Define medical and pharmacy benefit contract terms
Related financial implications of the benefit design should be spelled out to include at least the following elements:
- Cost of the drug by the unit/dose size and by the source of dispensing (e.g. retail versus mail order).
- Drug reimbursement to the pharmacy related to the cost of the drug itself, plus the cost of dispensing to the patient in accordance with state or federal requirements.
- Approach to patient cost sharing that will offset the final employer cost of care required to treat the patient’s medical condition.
- Excessive or uneven out-of-pocket costs for the patient which can create barriers to successful treatment and increase the total cost of care paid by the employer through the medical and pharmacy benefit. This situation results when tiers are created for specialty drug benefit coverage (co-pay, deductible or co-insurance) which causes high value drugs to then be unaffordable for the patient. It defeats the coverage goals intended by an employer because a non-integrated approach to drug benefit management results in larger medical management increases.

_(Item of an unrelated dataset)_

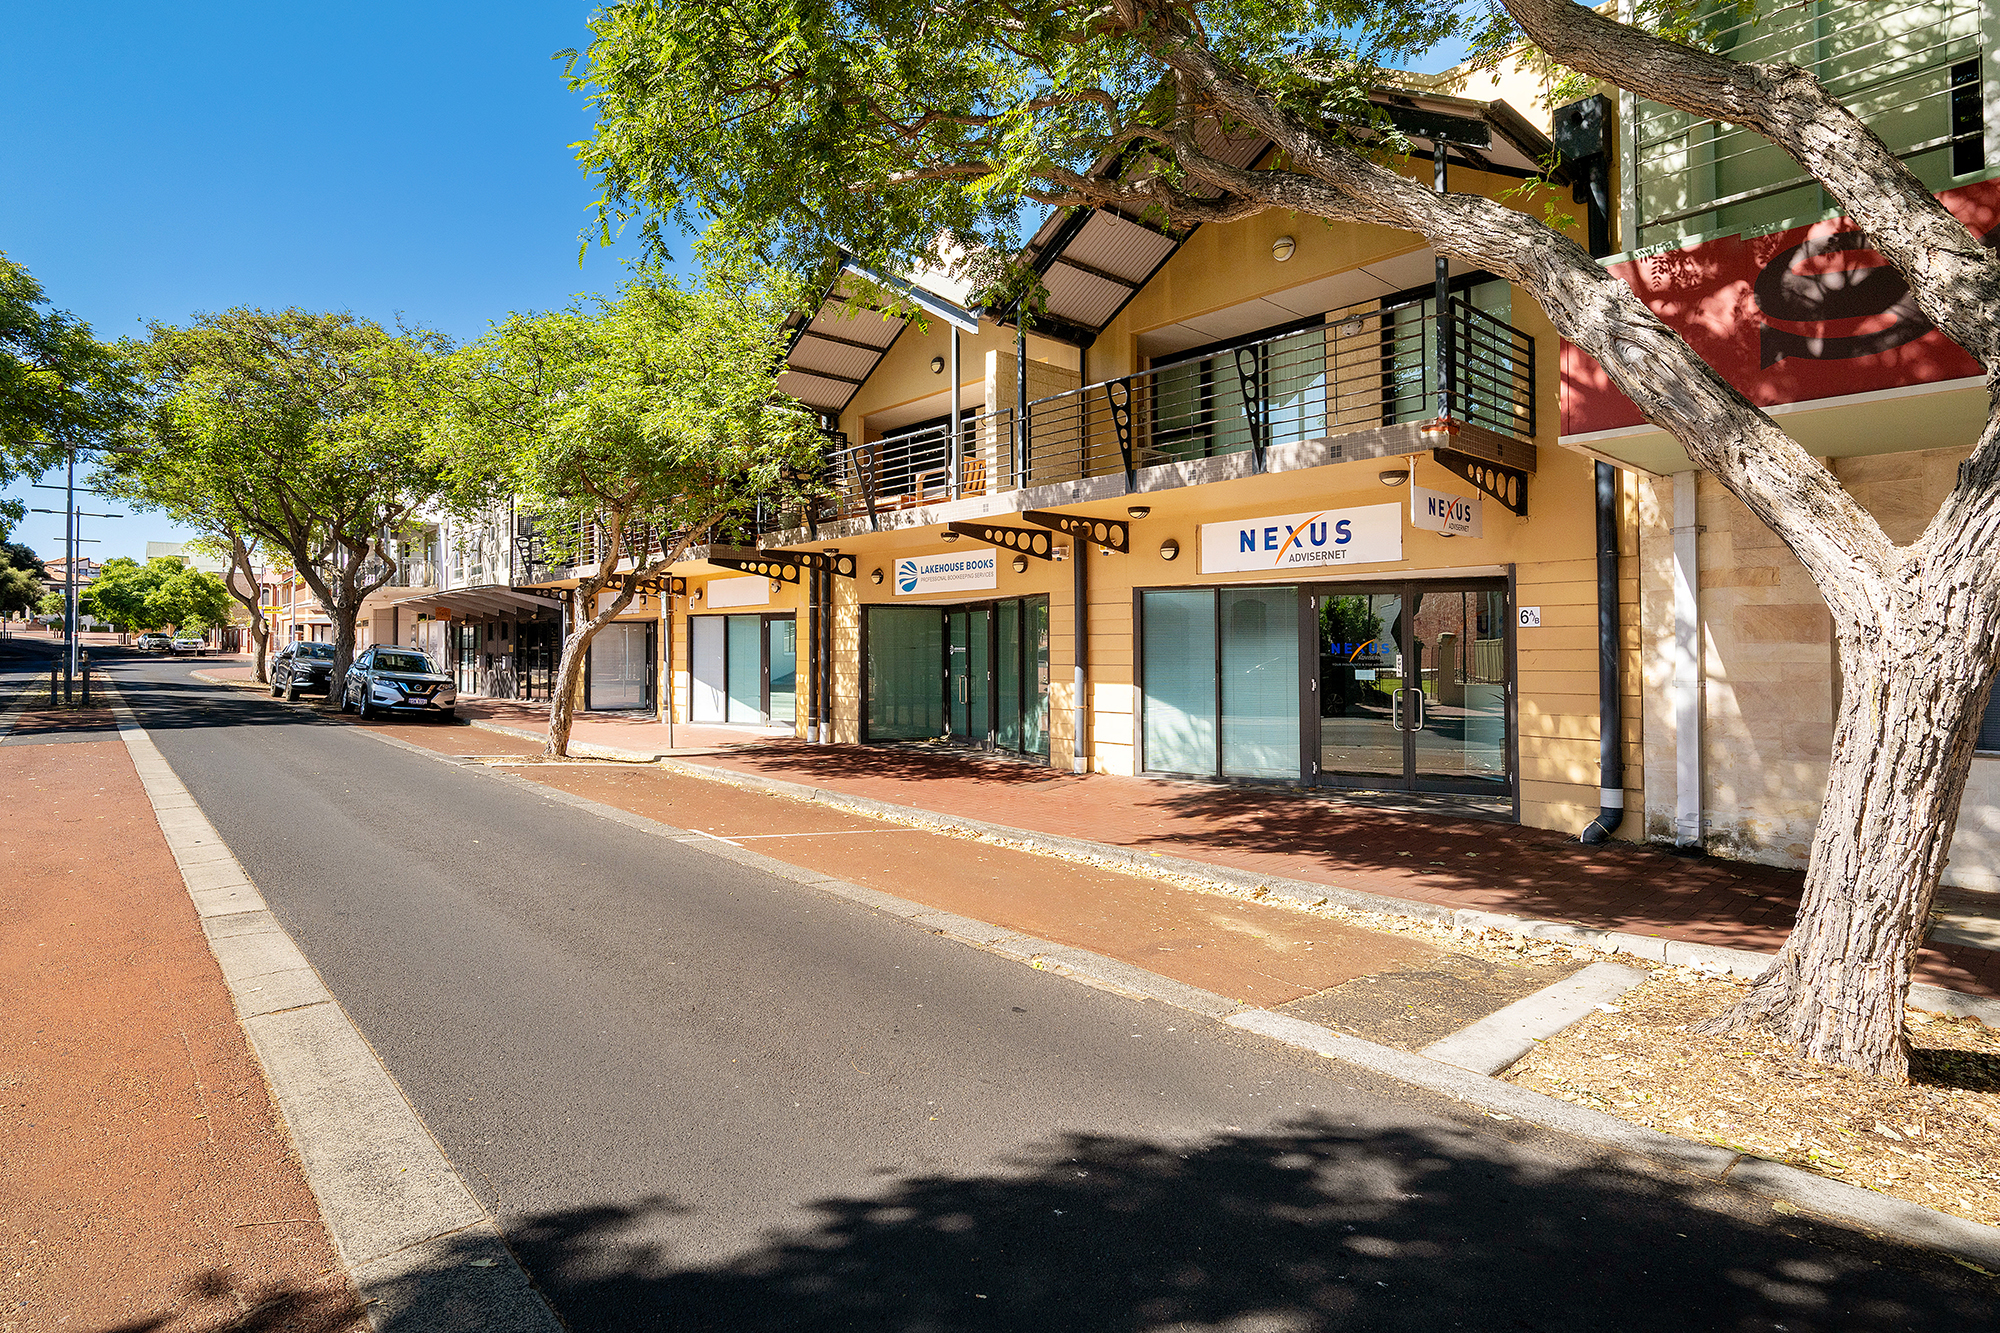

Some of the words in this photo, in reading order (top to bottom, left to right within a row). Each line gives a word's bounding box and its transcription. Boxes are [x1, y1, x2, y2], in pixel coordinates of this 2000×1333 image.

Determine how claims adjudication will be managed
This is for retail and drug distribution channels as well as compliance with contracted pricing, drug utilization management and patient safety oversight. Examples include:
- Access and distribution channels – Medical and pharmacy networks in order to capture and manage all reimbursement claims for drugs regardless of medical or pharmacy benefit coverage.
- Contract pricing compliance – Compliance should apply consistently and across all drug categories that are being managed by a health plan with or without a PBM. If drug coverage is carved out, effort will be required to optimize benefit design to allow for contract pricing compliance across both types of benefits.
- Provider and patient management – Reporting and communication on case/care management efforts need to be timely and consistent in order to maximize outcomes for the employers’ health benefit spend. This includes assuring compliance to the drug regimen as well as oversight for patient safety.
- DUR and REMS (FDA Risk Evaluation Management System) – This is required by the FDA for many specialty drugs through the manufacturer; for access to drugs from the manufacturer, special levels of reporting requirements around drug use may be done by the health plan or PBM as a result of their contract.
- Formulary and rebate management – Based on actual drug dispensing and/or utilization by covered members in a plan through analysis of paid claims data. This can result in additional cost savings or rebate dollars for the employer, but must be included in the vendor contract terms.
Define case/care management coordination
Identify the role that each vendor will play in supporting the case/care management goals of your at-risk population to ensure effective coordination and achieve desired program outcomes. Roles for each of the following services should include:
- PBM – Care management services with the patient to assure coordination of benefits with the health plan as well as communicating with other key stakeholders.
- Health Plans – Case management services with the patient and coordination with other key stakeholders such as the treating physician, specialists, local pharmacist, home care nurse, family members, etc.
- Specialty Pharmacy – Patient and provider management or services to assure optimal patient care outcomes with their prescription drug treatment plan under the medical and/or pharmacy benefit.
Determine provider compliance across various clinical settings
Integrate of medical and pharmacy data, where specialty drugs are being used as well as prescribed. Since coverage for many specialty drugs is sought through medical benefits, do not assume the pharmacy benefit coverage is the sole source for assuring patient compliance with drug therapies. Compliance measurements can be delivered by medical carriers through:
- Physician profiling and network management where specialty drugs are being used or dispensed to assure patients are receiving their drugs to achieve optimal outcomes of care.
- Tracking of performance and outcomes (i.e. patient care) for use of specialty drugs to assure pharmacy benefit plan administration as well as medical and pharmacy service providers who consistently bill for specialty drugs in manners which are not cost-effective.
Determine patient compliance activities
Care and case management coordination across both medical and pharmacy benefits should include:
- Sharing of information which is critical to the patient in both the medical and pharmacy benefit coverage settings.
- Program evidence of success or failure for the specialty vendor through identification of key metrics that can assure success at the macro or micro level of review as well as during an audit.
- Quality improvement/continuous quality improvement (CQI) measures in the dispensing operations.
- Quality improvement/CQI measures in the patient or clinical services operations.
- Certification(s) or Recognition of Excellence in dispensing, clinical services or IT functions that support delivery of optimal patient care outcomes.